DANNO ALLA PERSONA: PERSONALIZZAZIONE, NON AUTOMATISMI
👤Autore: Laura Servidio Review numero: 10 Pagina: 40 - 42
In tema di danno alla persona, la legge 27/2012 che regola le microlesioni ha aperto la strada a risarcimenti più equi, interrompendo una prassi al limite tra malcostume e frode.
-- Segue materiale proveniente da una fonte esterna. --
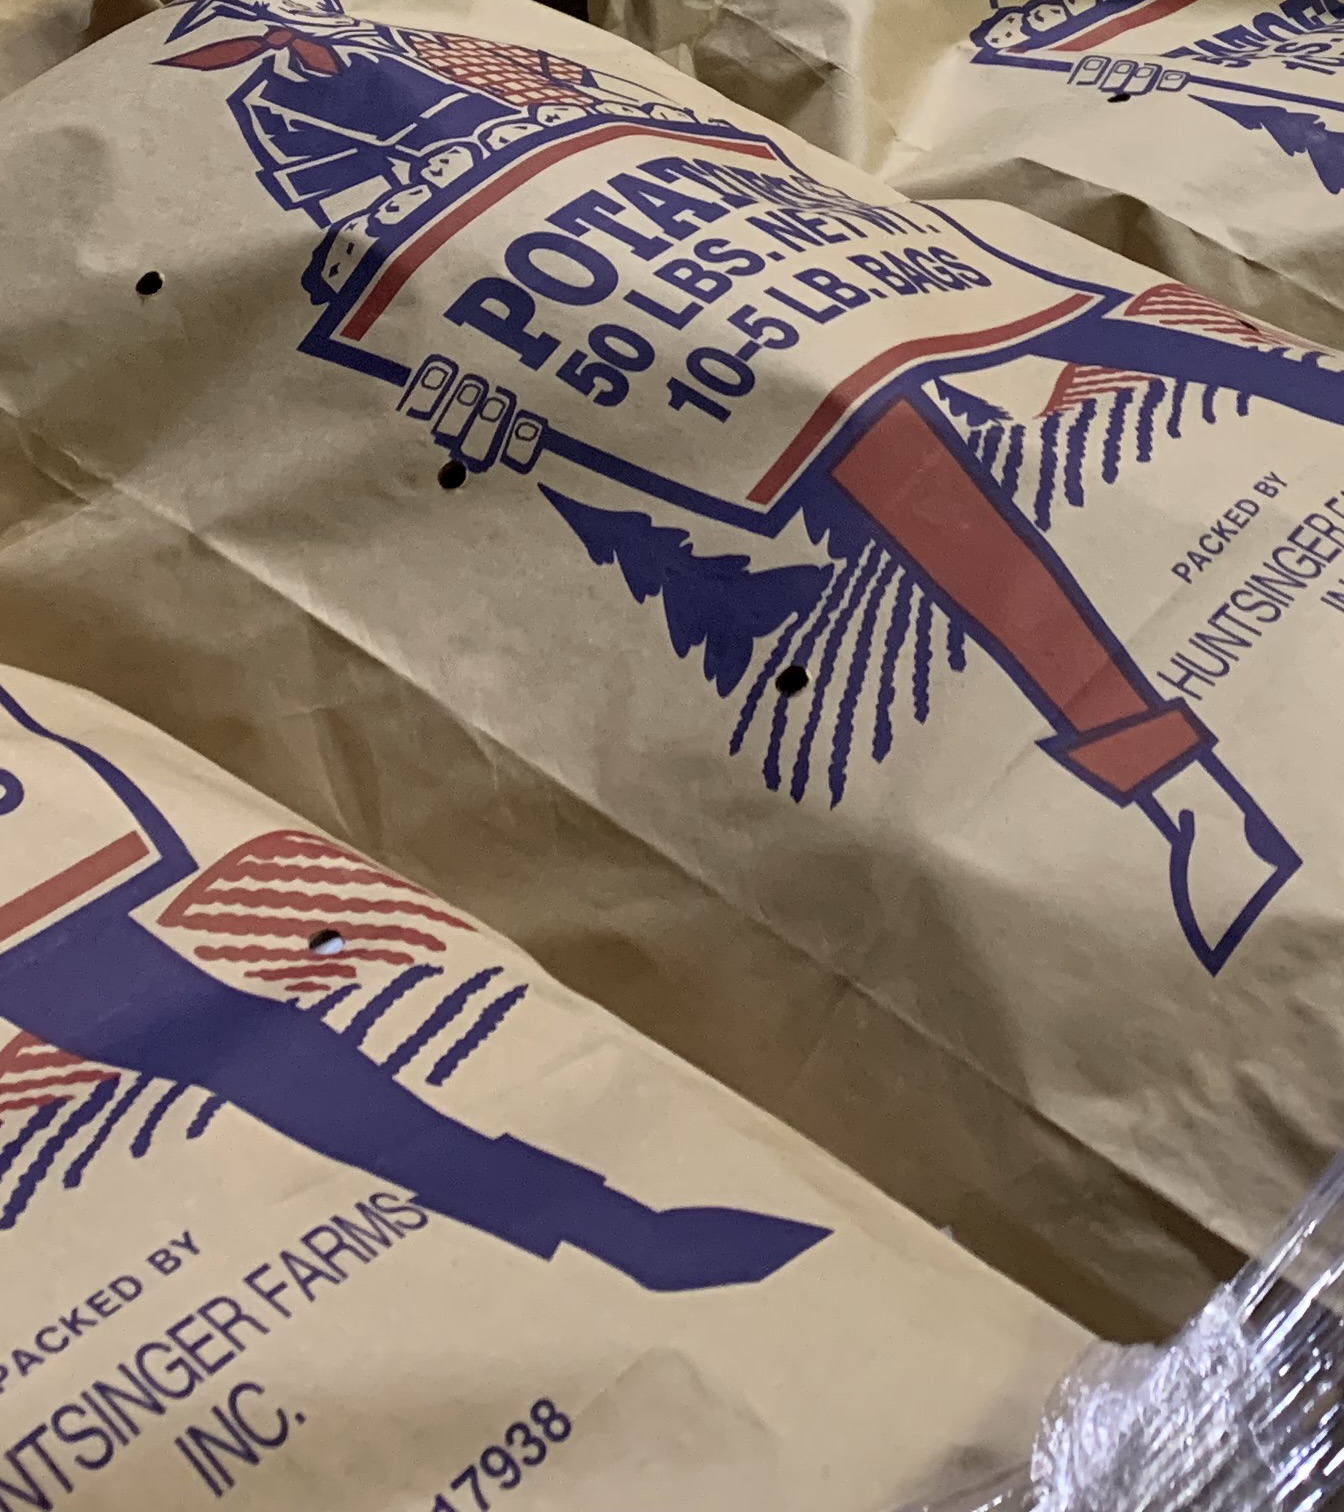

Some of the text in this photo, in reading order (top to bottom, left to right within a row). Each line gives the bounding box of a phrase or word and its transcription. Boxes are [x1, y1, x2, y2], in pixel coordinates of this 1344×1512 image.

[555, 323, 656, 408] 50
[622, 237, 788, 330] LBS.
[667, 245, 993, 423] 10-5 LB. BAGS
[1171, 471, 1289, 585] PACKED BY
[145, 1231, 203, 1277] BY
[242, 1191, 429, 1319] FARMS
[174, 1381, 306, 1498] INC.
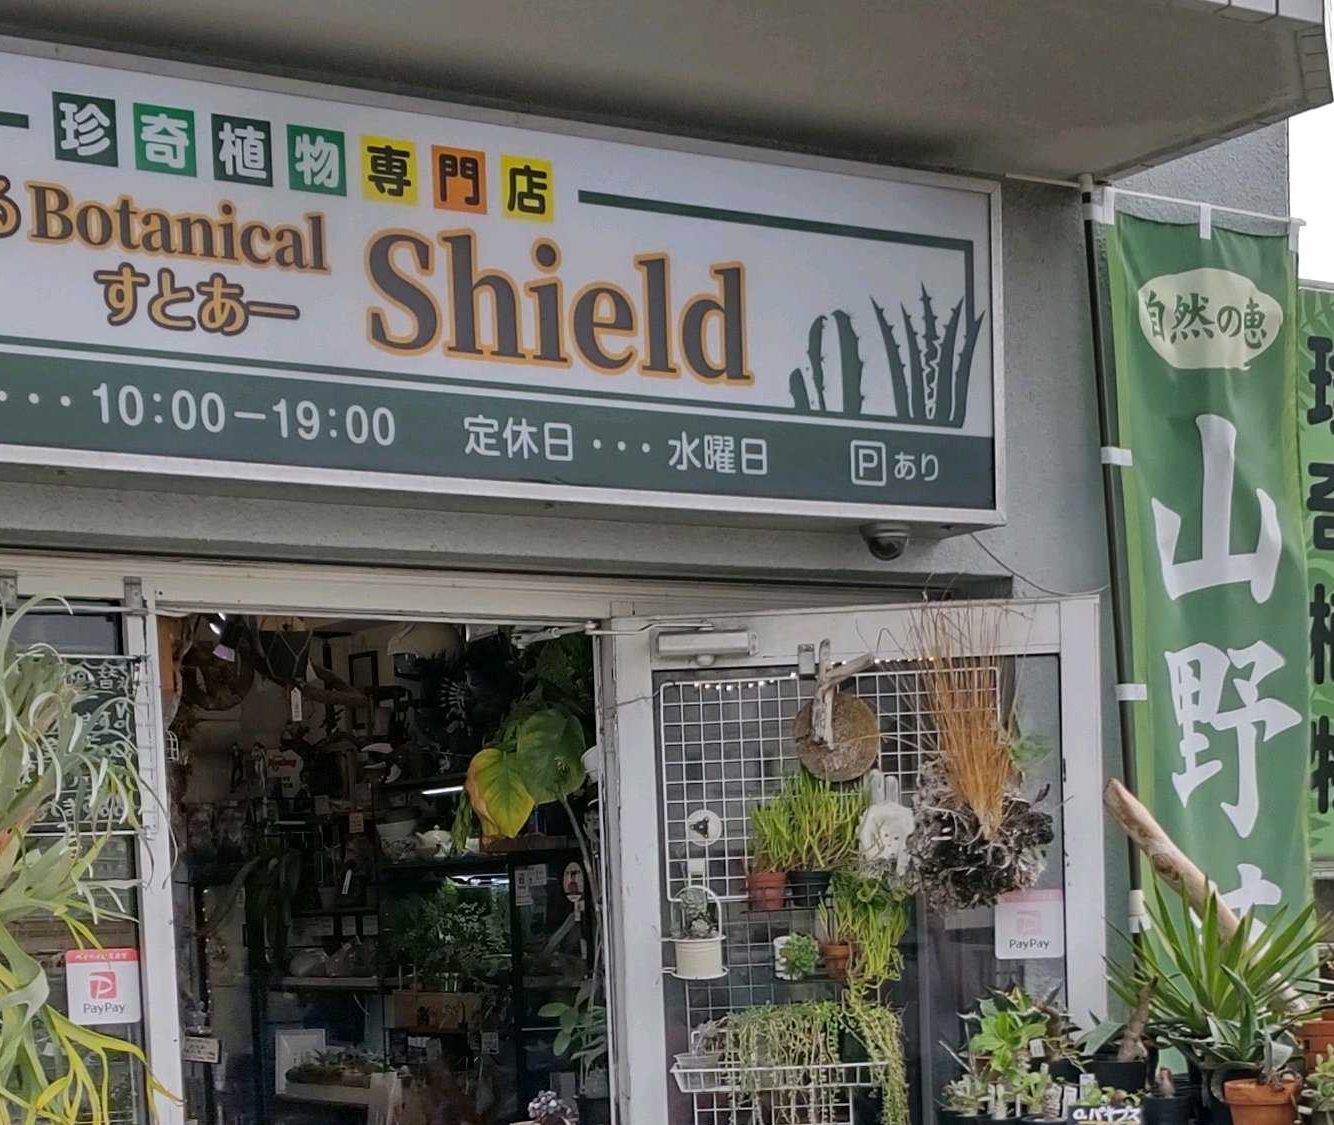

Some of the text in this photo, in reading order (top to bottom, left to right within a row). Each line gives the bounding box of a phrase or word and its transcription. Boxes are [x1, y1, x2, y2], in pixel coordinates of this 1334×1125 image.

[57, 97, 550, 218] 珍奇植物専門店
[27, 179, 332, 278] Botanical
[94, 262, 301, 338] すとあー
[363, 223, 756, 388] Shield
[1143, 290, 1267, 350] 自然の恵
[1150, 413, 1303, 960] 山野
[1009, 938, 1050, 950] PayPay
[83, 1001, 126, 1016] PayPay
Restano, però, questioni irrisolte, tra cui la necessità di arrivare a una definizione univoca di danno non patrimoniale, in termini giurisprudenziali ed economici e l’esigenza di una forma di risarcimento strutturata, che agisca in modo personalizzato e specifico sul danno, evitando automatismi, nel rispetto di scelte economicamente sostenibili.


APPLICARE LA LEGGE FINO IN FONDO

“In un contesto di riduzione della sinistrosità, e del conseguente carico di lavoro per il professionista, del 30-40% – conferma Giovanni Cannavò, medico legale e presidente dell’Associazione Melchiorre Gioia – questa norma ha interrotto l’“inciucio valutativo”: se dare uno o due punti accontentava tutti, dare tra zero e un punto ha creato, all’interno della categoria, una frattura nelle resistenze all’applicazione”. 
In particolare, sul colpo di frusta e il colpo di frusta associato, il dato è rilevante: “oggi, le perizie con trauma minore del collo (Tmc) sono il 64% e quelle associate ad altra lesione sono il 35%; nel 2008, erano rispettivamente l’80% e il 20%: il singolo colpo di frusta non rappresenta più una soluzione conveniente e, nel 93% dei casi, il medico si attiene al rispetto della legge, dando valutazione zero nel Tmc; percentuale che scende al 68,5%, nel caso del danno composto”.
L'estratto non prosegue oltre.